Item 22.  Undertakings

      The undersigned registrants hereby undertake:

        (a)  (1) To file, during any period in which offers or sales are being made, a post-effective amendment to this registration statement:

        (i)  To include any prospectus required by section 10(a)(3) of the Securities Act of 1933;
 
        (ii)  To reflect in the prospectus any facts or events arising after the effective date of the registration statement (or the most recent post-effective amendment thereof) which, individually or in the aggregate, represent a fundamental change in the information set forth in the registration statement.
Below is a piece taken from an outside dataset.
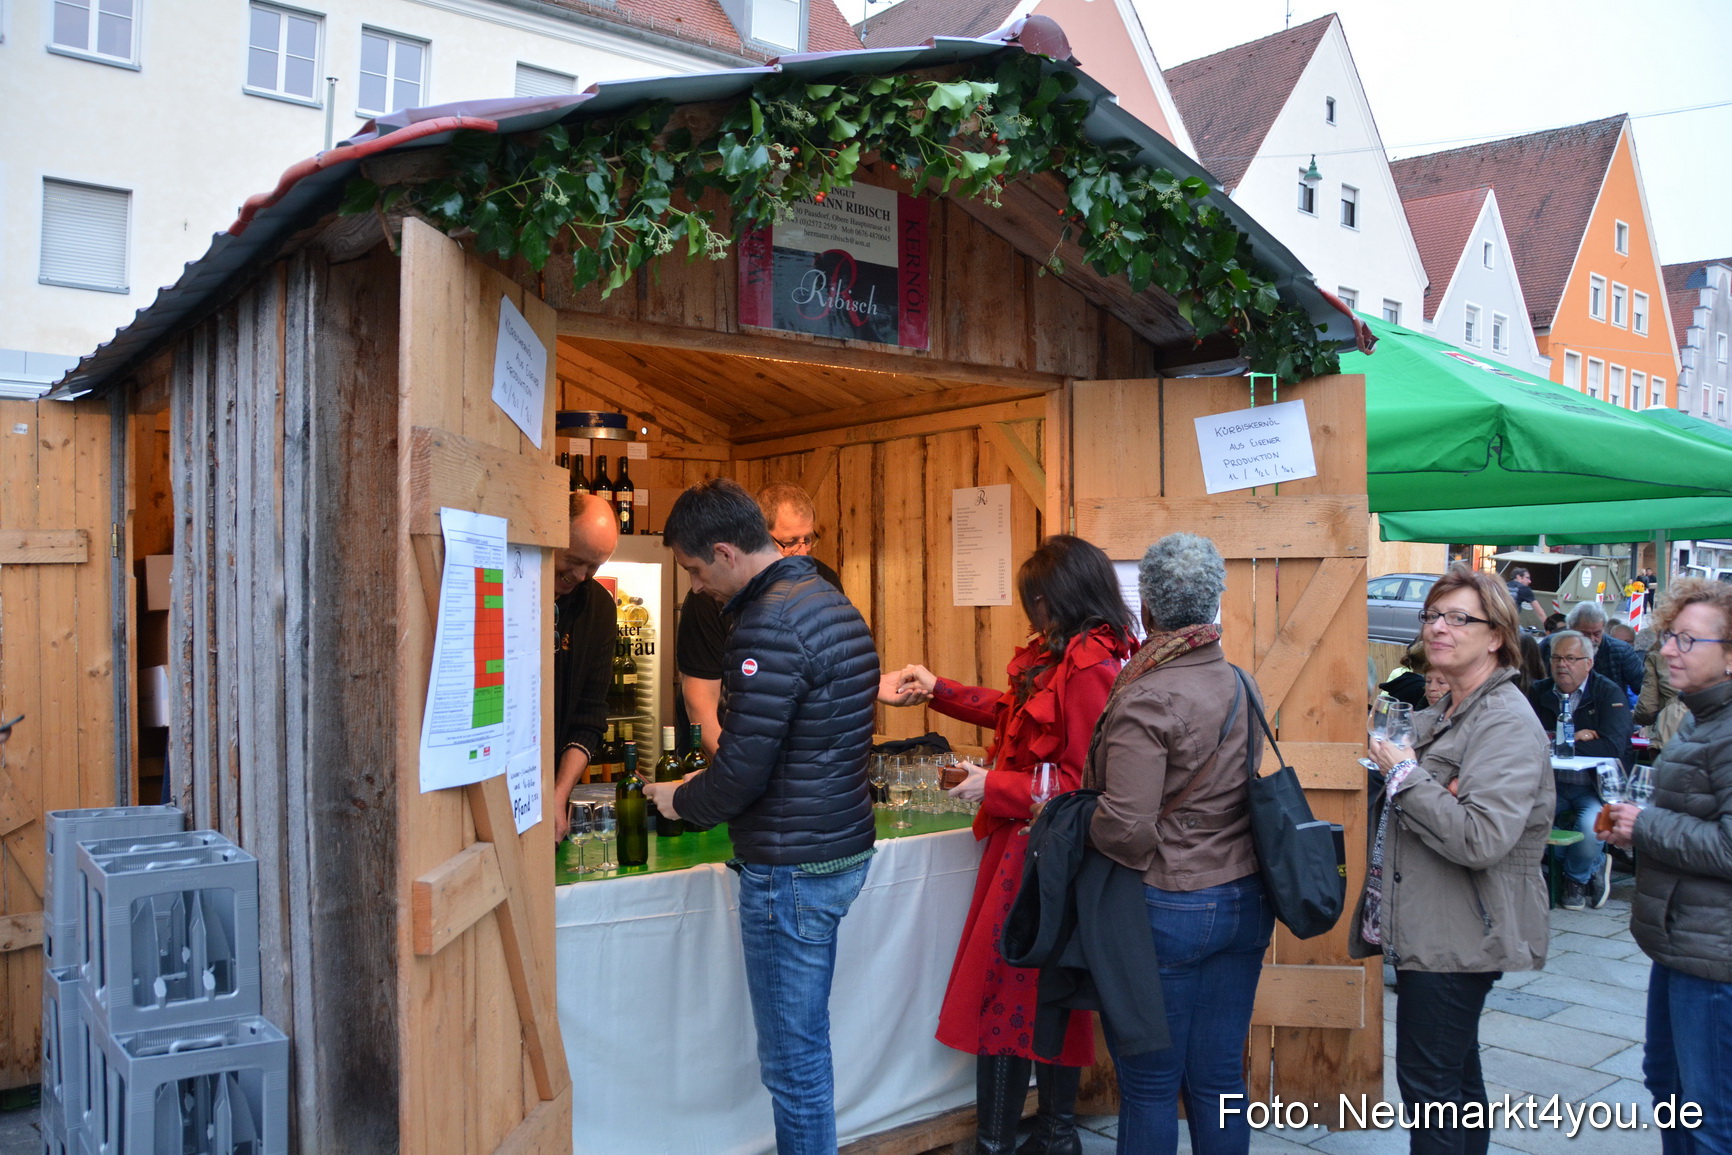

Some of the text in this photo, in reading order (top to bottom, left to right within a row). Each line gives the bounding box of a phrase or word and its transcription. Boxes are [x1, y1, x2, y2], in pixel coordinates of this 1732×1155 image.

Notwithstanding the foregoing, any increase or decrease in volume of securities offered (if the total dollar value of securities offered would not exceed that which was registered) and any deviation from the low or high end of the estimated maximum offering range may be reflected in the form of prospectus filed with the Commission pursuant to Rule 424(b) if, in the aggregate, the changes in volume and price represent no more than a 20 percent change in the maximum aggregate offering price set forth in the “Calculation of Registration Fee” table in the effective registration statement.
 
        (iii)  To include any material information with respect to the plan of distribution not previously disclosed in the registration statement or any material change to such information in the registration statement;

provided, however, that paragraphs (a)(1)(i) and (a)(1)(ii) above do not apply if the registration statement is on Form S-3, Form S-8 or Form F-3, and the information required to be included in a post-effective amendment by those paragraphs is contained in periodic reports filed with or furnished to the Commission by the registrant pursuant to section 13 or section 15(d) of the Securities Exchange Act of 1934 that are incorporated by reference in the registration statement.
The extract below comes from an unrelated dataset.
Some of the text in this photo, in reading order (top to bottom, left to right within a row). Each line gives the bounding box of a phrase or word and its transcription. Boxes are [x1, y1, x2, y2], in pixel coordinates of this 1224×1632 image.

        (2)  That, for the purpose of determining any liability under the Securities Act of 1933, each such post-effective amendment shall be deemed to be a new registration statement relating to the securities offered therein, and the offering of such securities at that time shall be deemed to be the initial bona fide offering thereof.
 
        (3)  To remove from registration by means of a post-effective amendment any of the securities being registered which remain unsold at the termination of the offering.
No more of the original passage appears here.